Homeschooling an Asynchronous Tween

Updated: Sep 24, 2019

So many thoughts swirl around up top when it comes to my oldest son who is 12, about to be 13, and a "tween". He is this crazy smart kid who also happens to be dyslexic. In the gifted world they refer to this as 2E or Twice Exceptional. This comes with some very interesting and often frustrating, challenges. I also never in my wildest dreams thought I would be homeschooling an almost-teen. Seriously, never, ever did I ever think that I was competent enough to do it. But here we are winging it, dyslexia and all. I will give credit to my son's public middle school for giving him and invaluable semester of in-depth intervention for reading and writing. He was doing well before this class in the first semester of sixth grade, but after that semester he really soared. He had a fabulous teacher that understood the asychronies within him and catered to that by really challenging him to do more, and learn more. I wish she would have been his full-time teacher, perhaps we would still be waking up and taking him to school every morning at 7:45am.


So, here we are, doing this homeschooling "thing" and figuring it out as we go. Literally. I reassess what I am doing for him every couple of months.

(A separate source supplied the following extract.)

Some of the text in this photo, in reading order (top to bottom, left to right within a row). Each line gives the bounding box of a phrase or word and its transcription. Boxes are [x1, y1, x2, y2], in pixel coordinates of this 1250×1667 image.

There is no use staying with a process that is no longer working for him. He can change curriculum, if needed, he can find another avenue to fulfill a need, rather it be to accommodate a subject matter need or a writing challenge. Sixth grade was his first and last year at public middle school. We had an awful time getting them to fulfill his educational needs (read: asynchronies) on both sides of the scope (reading intervention plus advanced math and science). The public school could only see one end of the stick. It is a stark contrast to the year he has had for "seventh" grade. I put that word in quotes because if you are a homeschooling family reading this, you know grades are relative and if you are not a homeschooling family then let me tell you, grades are relative.

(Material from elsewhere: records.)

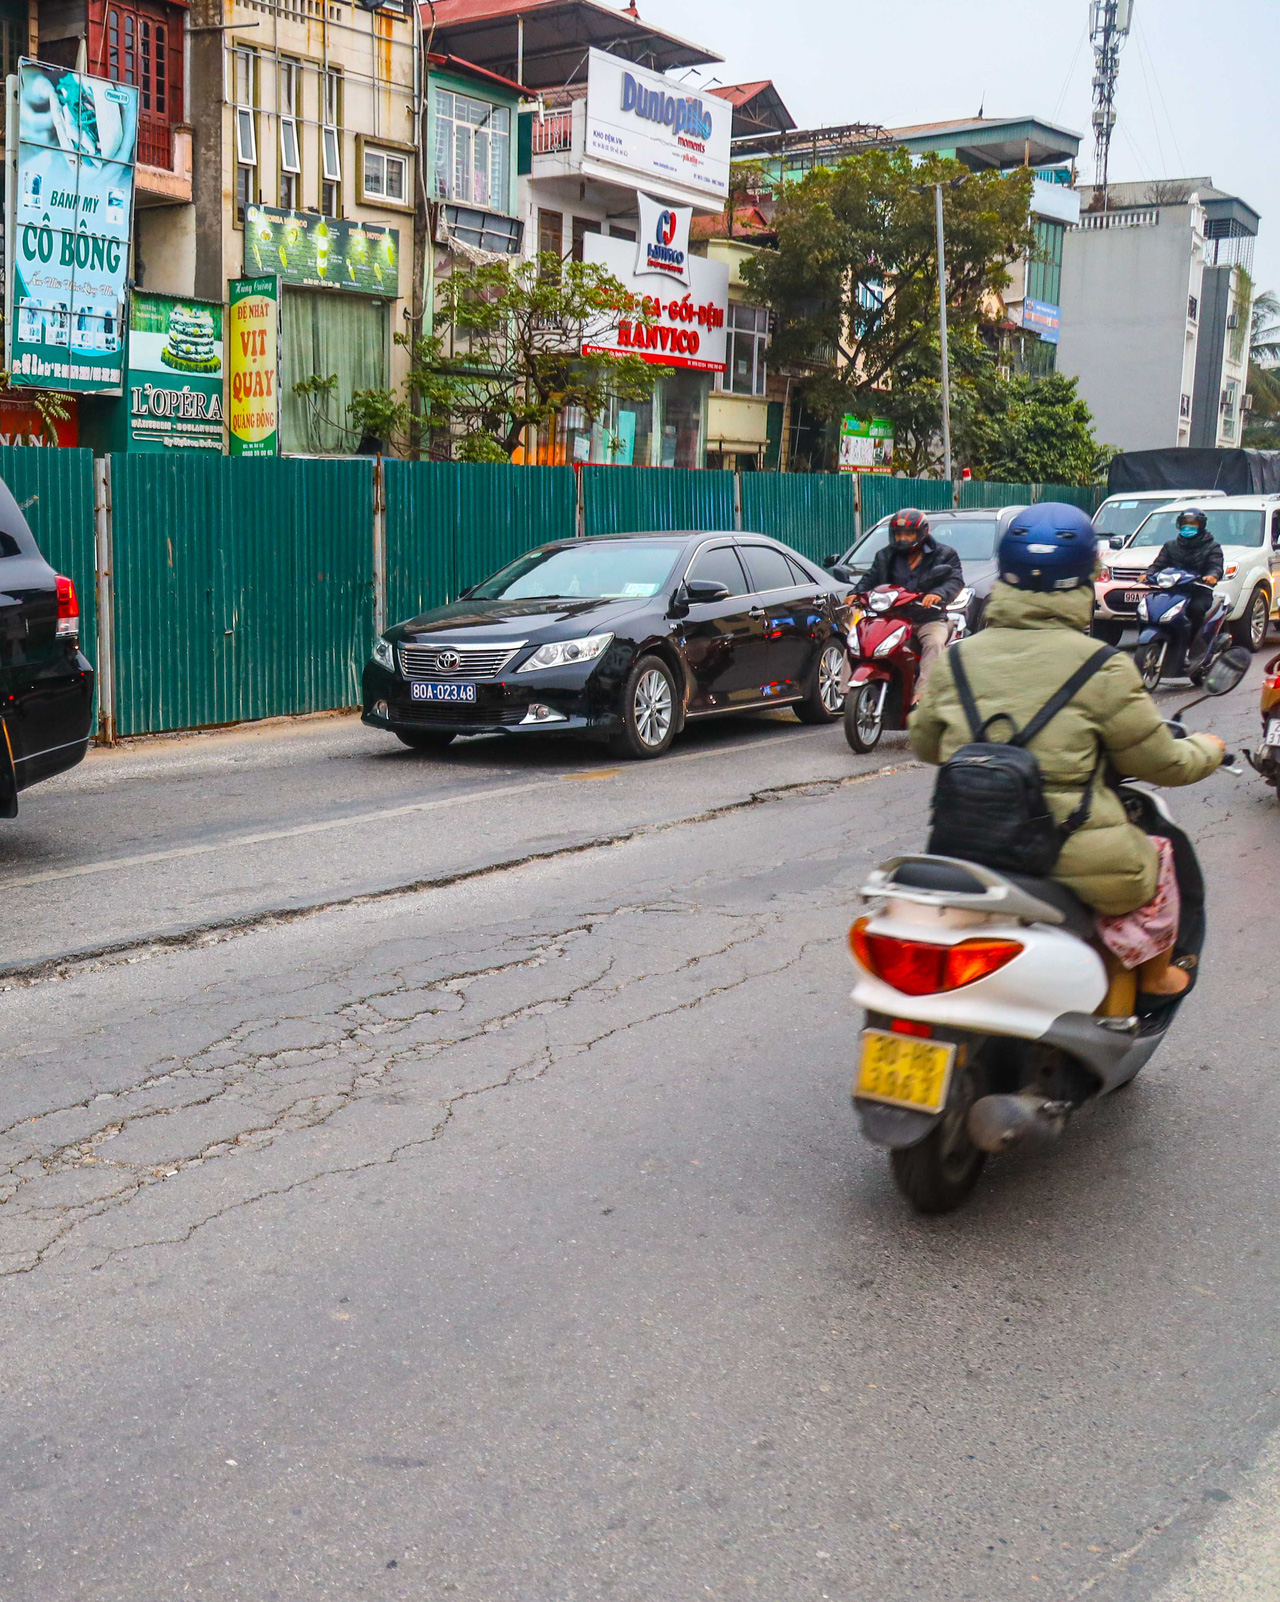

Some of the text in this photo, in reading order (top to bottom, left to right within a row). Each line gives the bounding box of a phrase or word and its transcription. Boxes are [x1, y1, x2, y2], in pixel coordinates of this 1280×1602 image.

[677, 135, 706, 154] moments
[22, 212, 121, 274] CÔ BÔNG
[237, 297, 270, 323] ĐỆ NHẤT
[240, 329, 267, 364] VỊT
[617, 320, 700, 355] HANVICO
[233, 370, 274, 403] QUAY
[232, 407, 255, 433] QUẢNG
[412, 683, 474, 700] 80A-023.48

We decided for seventh that we were going to ditch middle school curriculum for almost all subjects because most middle school curriculum is watered down high school curriculum and my oldest, being who he is, simply needed more. We fulfilled his asychronies by letting him take high school classes for math and science at home, a 7th/8th mixed class for ELA/SS class at our ALE (Alternative Learning Experience) school, where he can take enrichment classes at including PE, Art, Orchestra, Zine (a creative writing class), Musical Theater, and so on, were a mix of middle and high school students. We were able to meet all of his needs on an individual basis with the appropriate grade level, work level, and subject that was built for his specific needs. Next year will be an entirely different beast as he got permission from and accepted to the local junior college to begin classes. We did this for one main reason - I could no longer provide him what he needs at home. Even if I were to buy a curriculum and try to implement it myself, or help him along in an online based format for learning, there are some things I cannot do such as Chemistry lab experiments on the level he wants, Algebra II through Calculus, Physics, and the list begins to get pretty long for a kid who has made it clear that his path will be in the sciences.

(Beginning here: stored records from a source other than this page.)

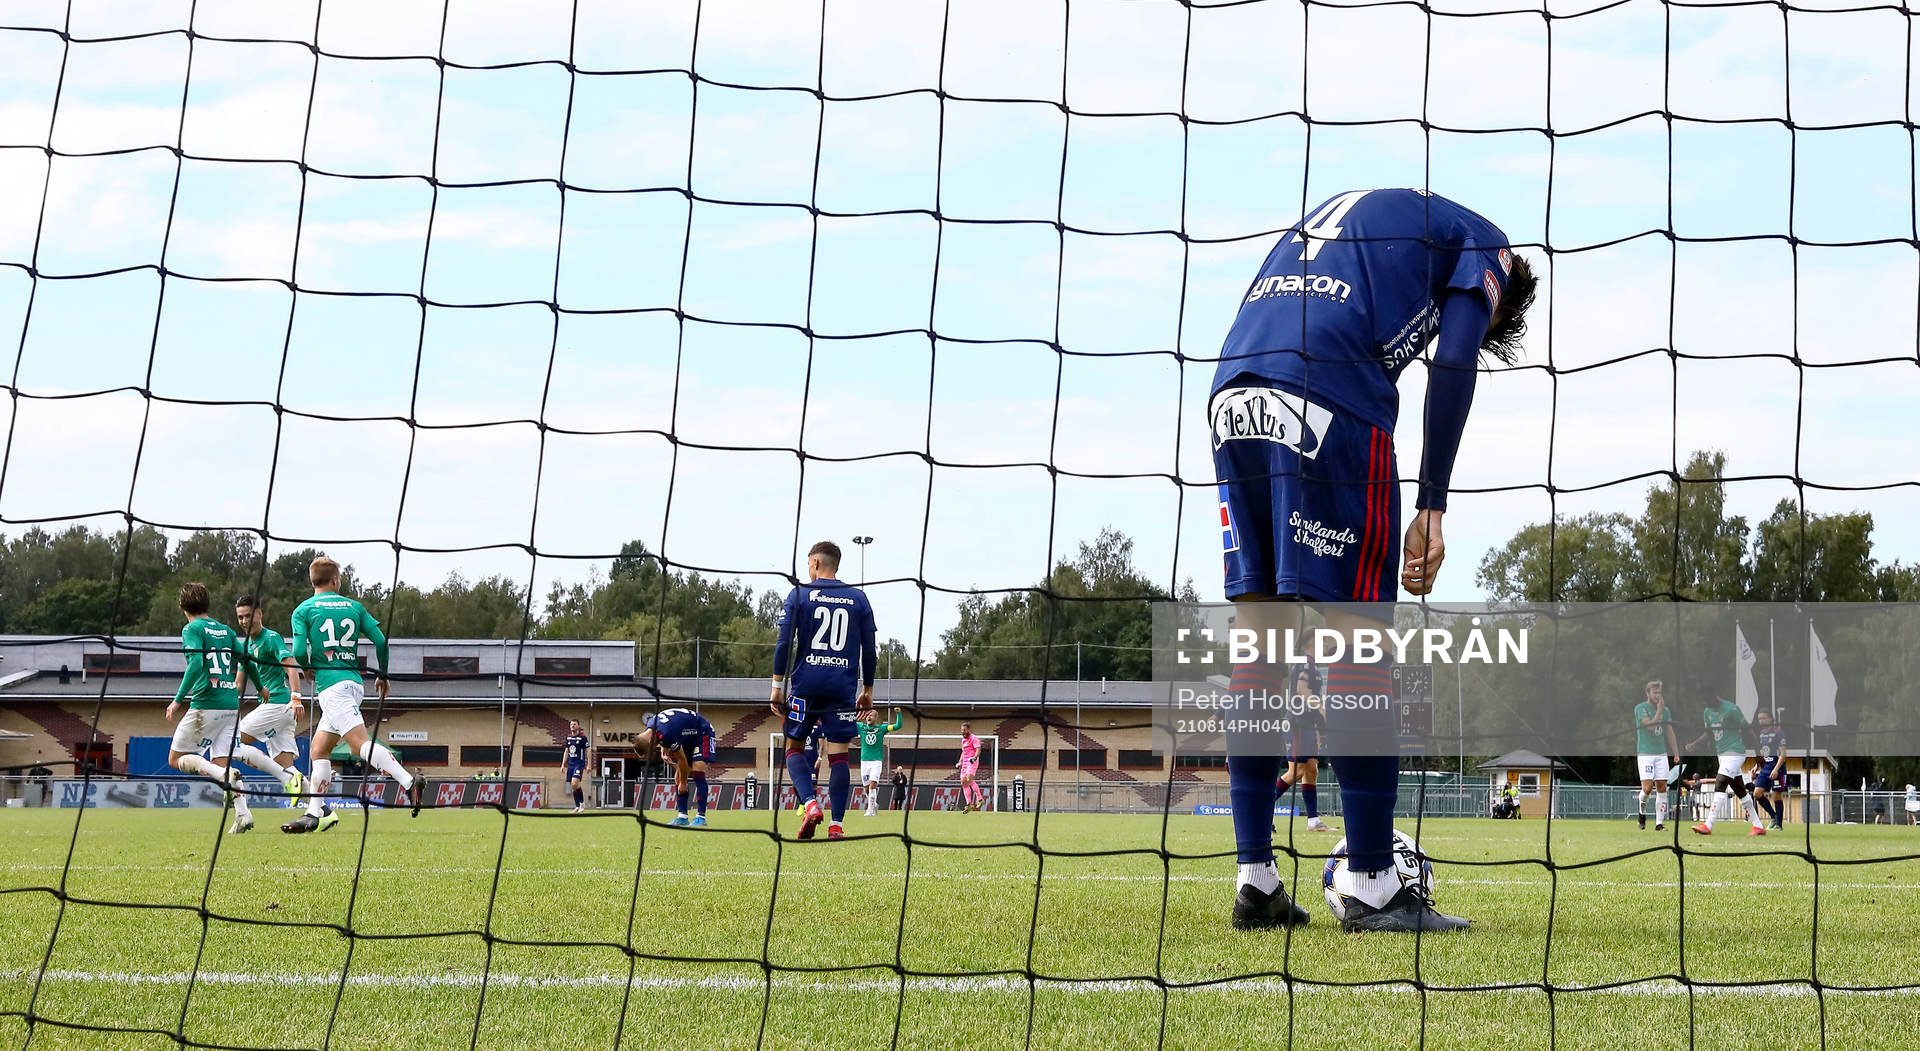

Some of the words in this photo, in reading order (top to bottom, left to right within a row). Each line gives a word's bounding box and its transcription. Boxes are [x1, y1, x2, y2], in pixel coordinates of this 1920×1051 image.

[1290, 190, 1374, 262] 4
[1246, 273, 1352, 303] ynacon
[1262, 292, 1346, 304] CONSTRCTION
[319, 617, 356, 648] 12
[810, 606, 850, 652] 20
[205, 646, 233, 675] 19
[805, 653, 849, 667] dynacon
[197, 737, 213, 749] JP
[602, 732, 640, 743] VAPE
[746, 781, 755, 808] SELECT
[1015, 785, 1024, 810] SELECT

You might be asking 'Well, don't all kids have asynchronies?' Short answer is yes, there is some uneven learning but not near the breadth at which a gifted child does, and 2E children at an even steeper unevenness than that. Here is an interesting article called "If Gifted = Asynchronous Development, then Gifted/Special Needs = Asynchrony Squared" on the extremities of learning within gifted and gifted + learning / behavior issues by Martha Morelock that explains it well. Getting a child to meet their special needs requirements while fulfilling their academic / learning needs for potentially 2 or 3+ grade levels above where they are chronologically, can become cumbersome to advocate for in public school, as it was for us, and homeschooling is another path that many choose to do, including us.


As I am going through this teen+gifted+dyslexia+help-I-am-running-out-of-knowledge, I am trying to navigate the wide world of high school and college resources to help us out. While there are free resources out there, a lot of them require me be able to help or do not provide the right resources for him. He is one year too young to be eligible for Running Start money (here as long as you are chronologically in high school, they will allow him to begin his two years free tuition program), and we are choosing not to graduate him early so we are ineligible for FAFSA / Pell Grant money. You can see where things can get hairy and pricey!


If you have a gifted teen or a 2E'er, what are you doing for upper-level type classes? I would love to hear! Sometime in the future I will gather everything I can in terms for resources so we can have them all in one spot!